Exact copy without images: repeat every entry as written.

————————

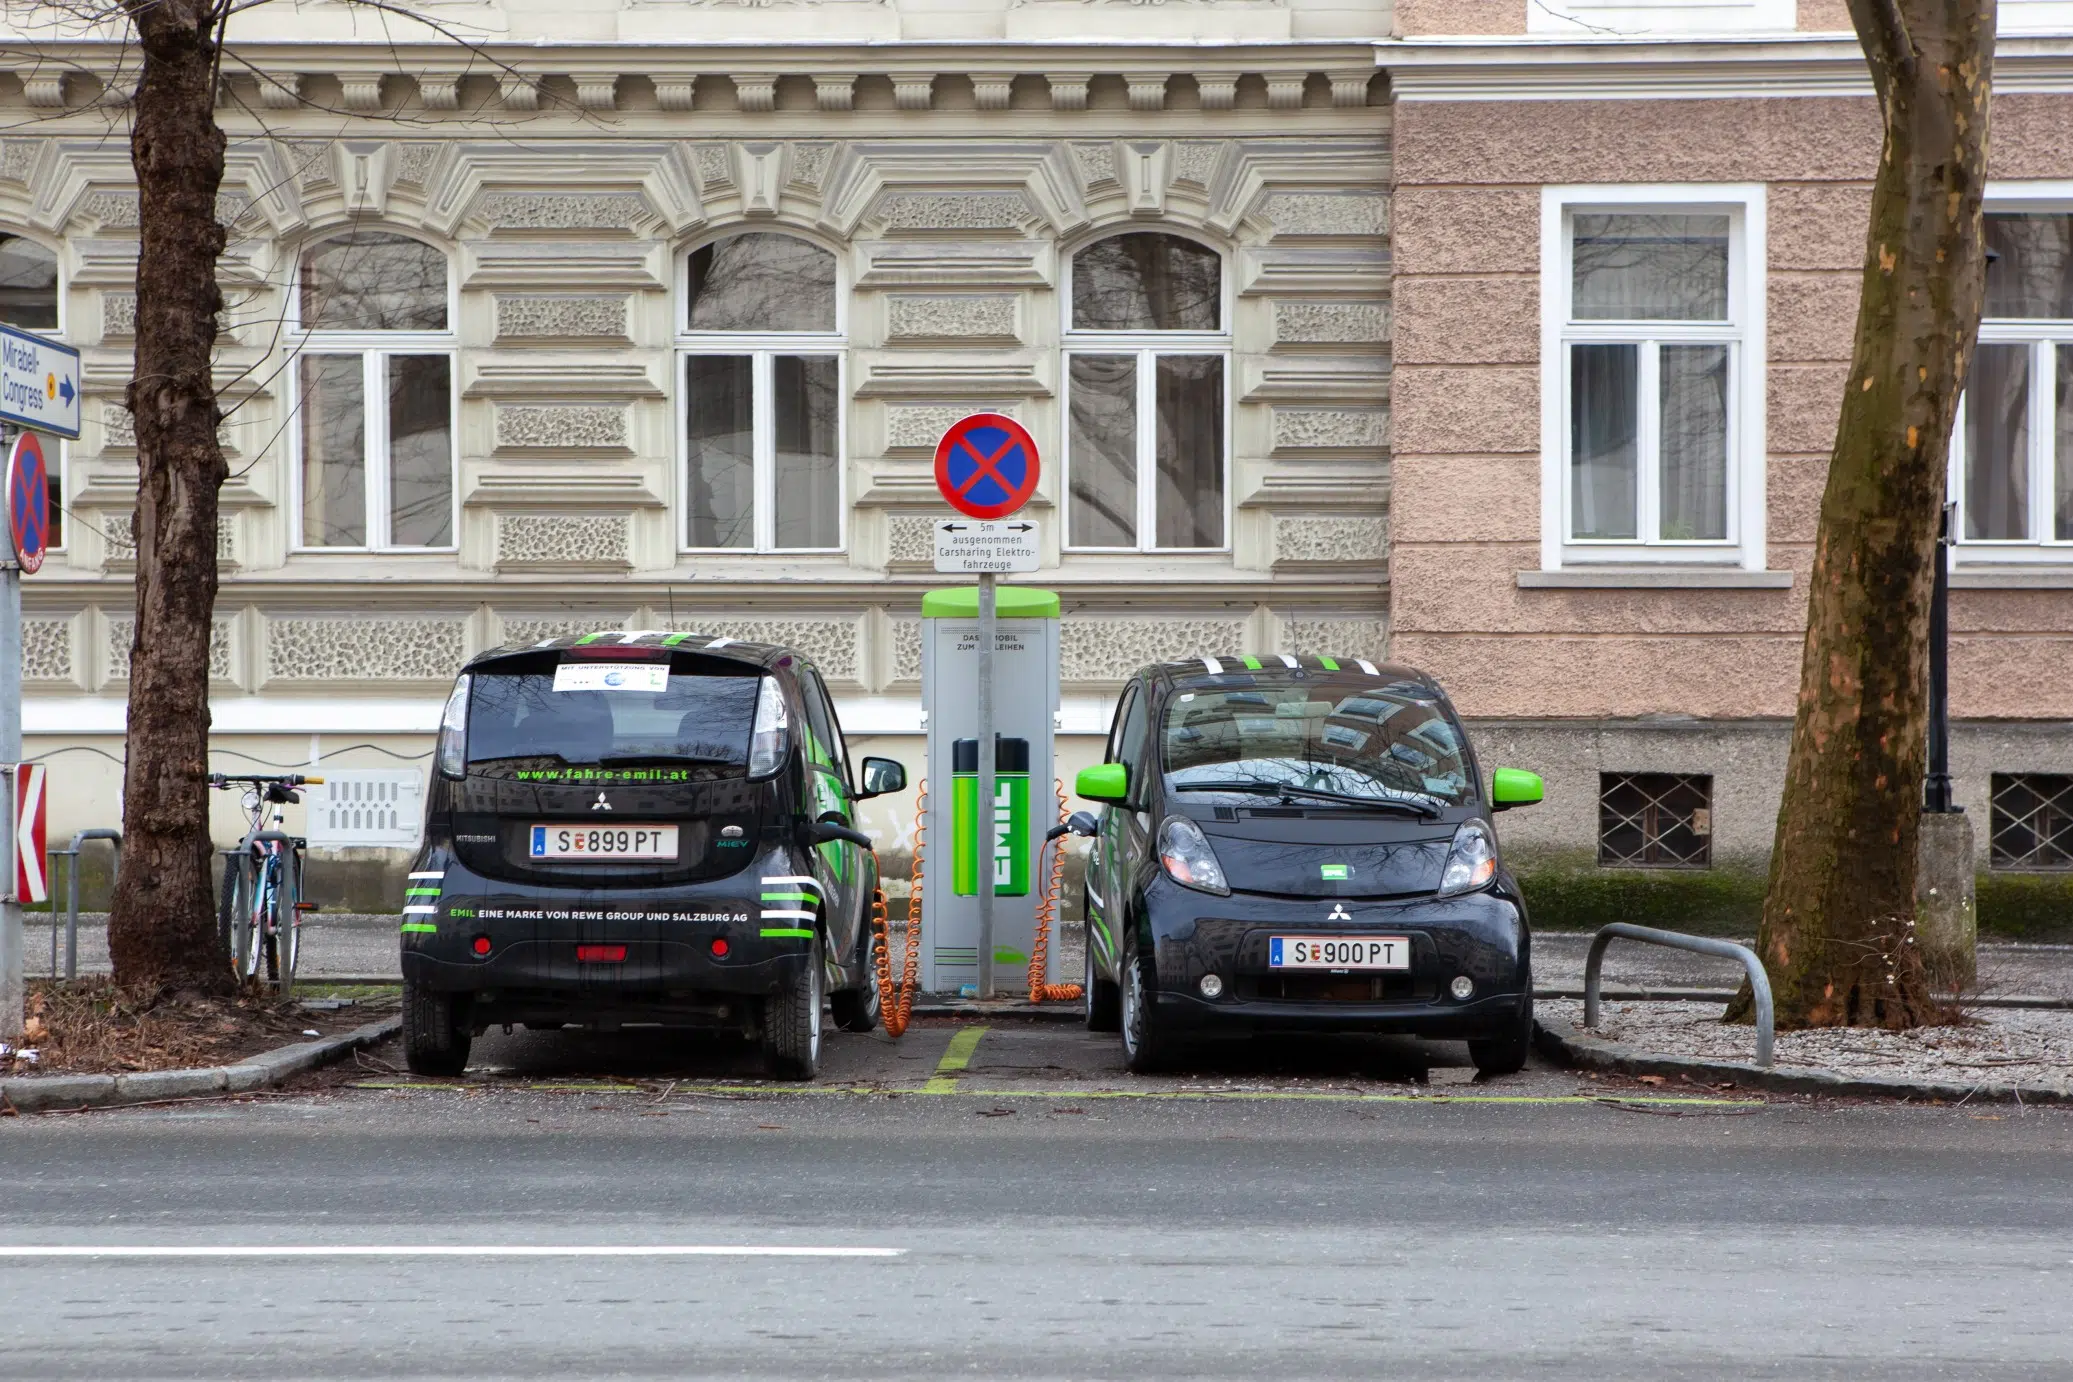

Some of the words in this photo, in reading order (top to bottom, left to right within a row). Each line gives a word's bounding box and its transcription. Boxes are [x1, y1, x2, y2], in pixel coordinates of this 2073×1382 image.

[3, 337, 40, 375] Mirabell-
[3, 371, 43, 412] Congress
[980, 522, 995, 532] 5m
[953, 536, 1022, 546] ausgenommen
[20, 547, 44, 569] ANFANG
[940, 547, 992, 558] Carsharing
[996, 547, 1035, 557] Elektro-
[963, 559, 1012, 570] fahrzeuge
[957, 643, 975, 651] ZUM
[517, 768, 688, 780] www.fahre-emil.at
[456, 834, 496, 843] MITSUBISHI
[535, 844, 543, 852] A
[558, 830, 570, 852] S
[450, 908, 475, 918] EMIL
[478, 909, 504, 918] EINE
[506, 910, 543, 919] MARKE
[546, 910, 569, 920] VON
[572, 911, 604, 920] REWE
[606, 912, 644, 921] GROUP
[647, 912, 670, 921] UND
[672, 913, 730, 922] SALZBURG
[732, 913, 748, 922] AG
[1295, 942, 1307, 963] S

————————

Task solution:
Some of the words in this photo, in reading order (top to bottom, left to right within a row). Each line gives a word's bounding box and its transcription. Boxes are [x1, y1, x2, y2], in pixel coordinates of this 2073×1382 image.

[3, 337, 40, 375] Mirabell-
[3, 371, 43, 412] Congress
[980, 522, 995, 532] 5m
[953, 536, 1022, 546] ausgenommen
[20, 547, 44, 569] ANFANG
[940, 547, 992, 558] Carsharing
[996, 547, 1035, 557] Elektro-
[963, 559, 1012, 570] fahrzeuge
[957, 643, 975, 651] ZUM
[517, 768, 688, 780] www.fahre-emil.at
[456, 834, 496, 843] MITSUBISHI
[535, 844, 543, 852] A
[558, 830, 570, 852] S
[450, 908, 475, 918] EMIL
[478, 909, 504, 918] EINE
[506, 910, 543, 919] MARKE
[546, 910, 569, 920] VON
[572, 911, 604, 920] REWE
[606, 912, 644, 921] GROUP
[647, 912, 670, 921] UND
[672, 913, 730, 922] SALZBURG
[732, 913, 748, 922] AG
[1295, 942, 1307, 963] S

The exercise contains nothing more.